▶ MATERIAL PROVIDED:
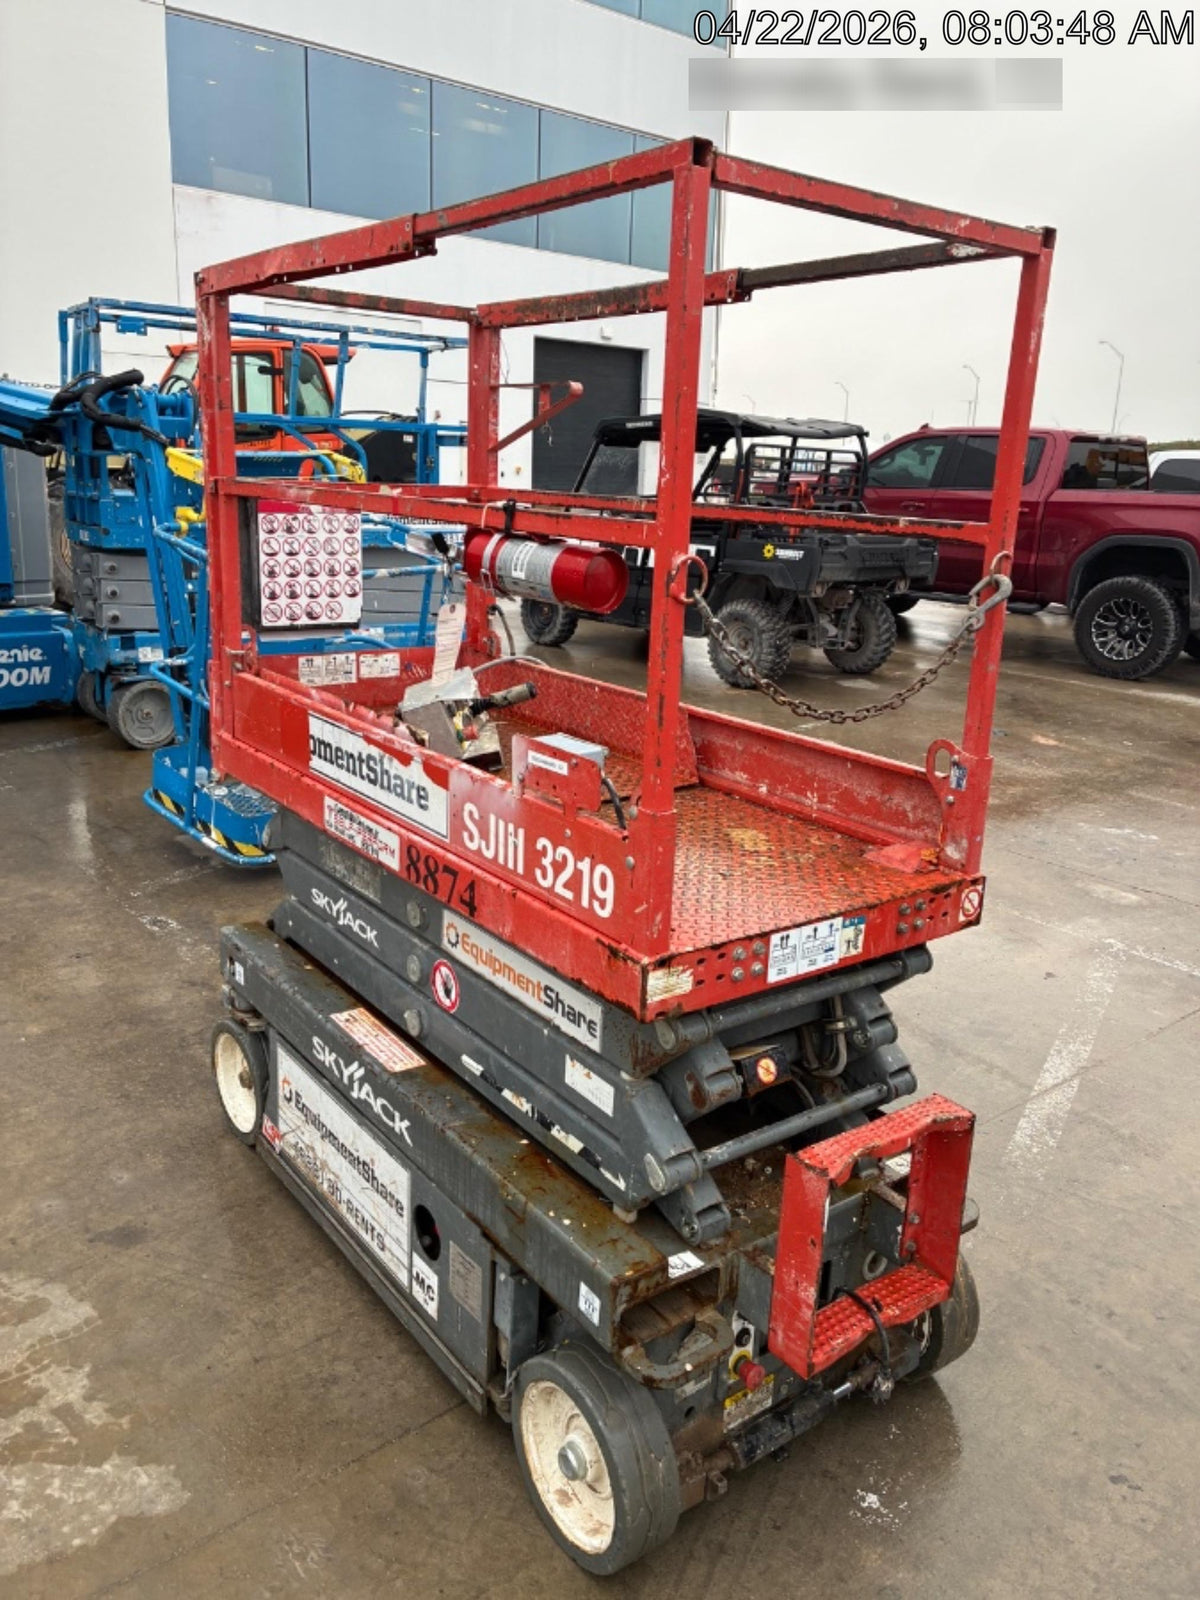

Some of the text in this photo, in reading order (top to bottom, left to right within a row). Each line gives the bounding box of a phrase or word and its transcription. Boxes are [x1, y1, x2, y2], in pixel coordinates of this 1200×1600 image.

[311, 888, 379, 948] SKYJACK
[406, 844, 478, 918] 8874
[535, 837, 614, 918] 3219
[461, 933, 598, 1039] EquipmentShare
[312, 1036, 413, 1147] SKYJACK
[295, 1092, 405, 1218] EquipmentShare

▶ WORK ITEM:
Print the listing exactly, but skip its pictures.

▶ ANSWER SPACE:
Some of the text in this photo, in reading order (top to bottom, left to right within a row). Each line gives the bounding box of a phrase or word and its transcription. Boxes are [x1, y1, x2, y2], in pixel coordinates of this 1200×1600 image.

[311, 888, 379, 948] SKYJACK
[406, 844, 478, 918] 8874
[535, 837, 614, 918] 3219
[461, 933, 598, 1039] EquipmentShare
[312, 1036, 413, 1147] SKYJACK
[295, 1092, 405, 1218] EquipmentShare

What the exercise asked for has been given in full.